Preventing Varroa Reinfestation From Drifting and Robbing
Varroa does not stay where you put it. Mites spread between colonies when bees drift to neighboring hives or engage in robbing behavior. A colony that you treated to a clean 0.5% mite count in September can be back above 2% by November if it is receiving drifting bees from an untreated neighbor's collapsing hive. Understanding how reinfestation works is essential for maintaining the gains from your treatment program.
How Bees Move Mites Between Colonies
Drifting is the normal navigation error that worker bees make when returning from foraging flights. Bees orient to their own hive using sun position, landmarks, and hive odor. In apiaries with multiple hives in close proximity, particularly when hives are arranged in straight rows and look similar, worker bees routinely enter the wrong hive. These drifting bees carry their phoretic mite load with them into the recipient colony.
Drifting happens in every apiary with multiple colonies. It is a normal behavior, not a pathology. The problem arises when colonies with very different mite loads are in close proximity. A low-mite colony that receives drifting bees from a high-mite colony is continuously receiving mite imports.
Robbing is more aggressive and more effective at moving mites. When a colony is weak, dying, or recently collapsed, neighboring bees raid it for its honey stores. Robber bees return to their home colony carrying honey and varroa mites. A collapsing high-mite colony that gets robbed out by its neighbors is essentially a mite bomb that distributes its mite population across the local area.
Scale of Reinfestation
Research has shown that reinfestation can account for a significant portion of mite population growth in managed apiaries, particularly in areas with high apiary density. In some studies, 30 to 50% of mite increase in treated colonies during late summer was attributable to reinfestation from neighboring colonies rather than in-colony reproduction.

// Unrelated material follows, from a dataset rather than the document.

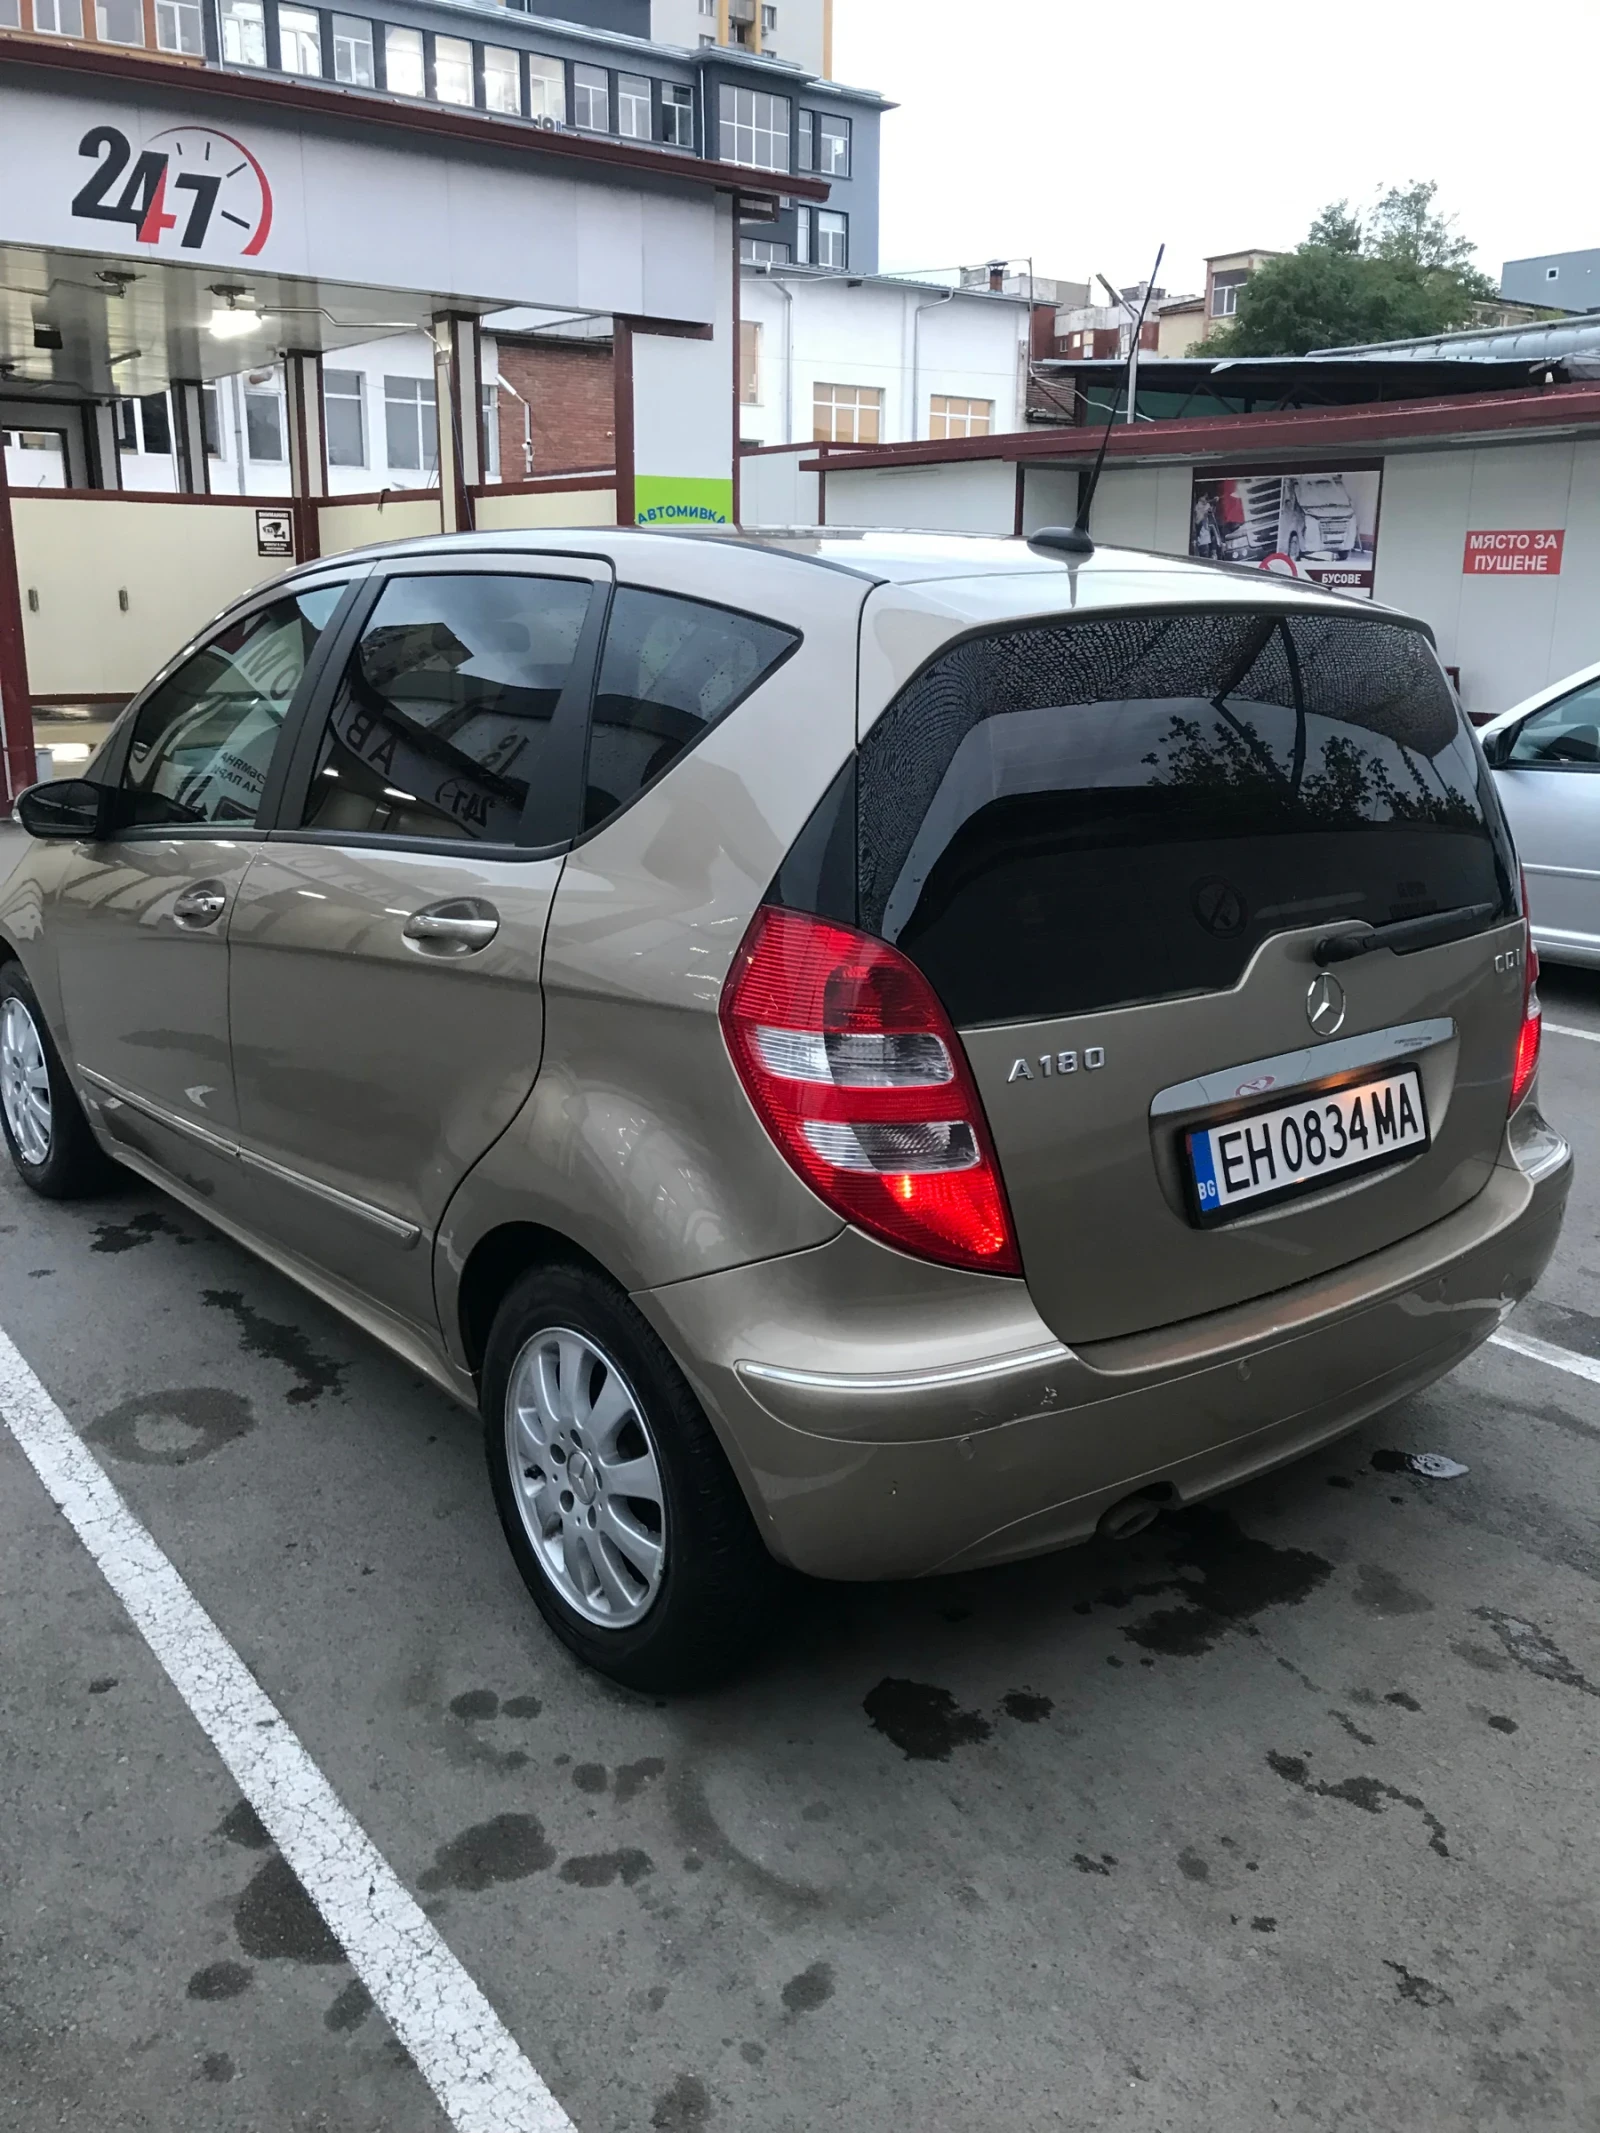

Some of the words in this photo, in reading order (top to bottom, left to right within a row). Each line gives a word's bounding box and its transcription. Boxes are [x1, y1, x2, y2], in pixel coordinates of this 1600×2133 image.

This means that treating your own colonies correctly is a necessary but not always sufficient condition for maintaining low mite levels. Your neighbors' management practices affect your mite counts.
Identifying Reinfestation in Your Records
Reinfestation produces a recognizable pattern in mite count data: mite counts that rise faster than expected after a successful treatment, particularly in colonies near the downwind or downdrift side of an apiary, or in apiaries located near other managed or feral colonies.
If your post-treatment count shows 0.4% efficacy of 90%, and six weeks later the same colony is back at 2%, that rate of increase is faster than typical in-colony reproduction alone would produce. Reinfestation is the likely explanation.
Look for patterns in your VarroaVault data: which colonies in a yard consistently rebound fastest? Are they the ones at the end of the row where drifting is more common? Are they the colonies closest to a neighboring apiary? Location patterns in high-reinfesting colonies suggest drifting or proximity to an outside source.
Reducing Drifting
Reducing drifting within your own apiary reduces internal mite exchange between your colonies. Practical steps:
Visual differentiation. Paint hive boxes different colors or mark them with different entrance patterns. Bees use visual cues to orient to their home hive. More distinctive hives see less drifting.
Spatial arrangement. Avoid straight row arrangements where all hives face the same direction and look identical. L-shaped, curved, or scattered arrangements reduce drifting. Hive entrances facing slightly different directions also help.
Entrance size standardization. If some hives have large entrances and others have reduced entrances, drifting bees preferentially enter the larger openings. Consistent entrance sizing reduces this asymmetry.
Landmark placement. Plant distinctive vegetation near individual hives. A beekeeper who places a rosemary bush next to one hive and a stone marker next to another gives bees better orientation cues.
Managing Late-Season Drifting and Robbing
Late summer and fall are the highest-risk periods for robbing and mite-carrying drifting. The nectar flow has ended, foragers are not finding much, and colonies are in a heightened robbing state. Collapsing colonies are most common in this period as the summer mite buildup peaks.
Reduce entrances in late summer and fall to limit robbing exposure. A full-width entrance on a weak colony is an invitation to robbers. Narrow the entrance to one bee width for any colony that is not at full strength.
If a neighboring colony collapses, close it immediately. Do not leave a dead-out open for robbing. Either wrap the equipment until you can deal with it or seal it completely. A slowly dying hive open for robbing is the most efficient mite distributor in your apiary.
Community-Level Reinfestation
The most significant reinfestation source for some beekeepers is feral bee populations or neighboring managed apiaries. In areas with high bee density, such as urban settings or areas with many hobby beekeepers, reinfestation pressure can undermine even excellent individual management programs.
The most effective response is engaging your local beekeeping community. Beekeepers who share information about management practices, who conduct coordinated treatment programs within a region, and who support responsible swarm removal of feral colonies reduce the regional mite burden for everyone. Individual excellence in varroa management is more effective in a community context of general competence.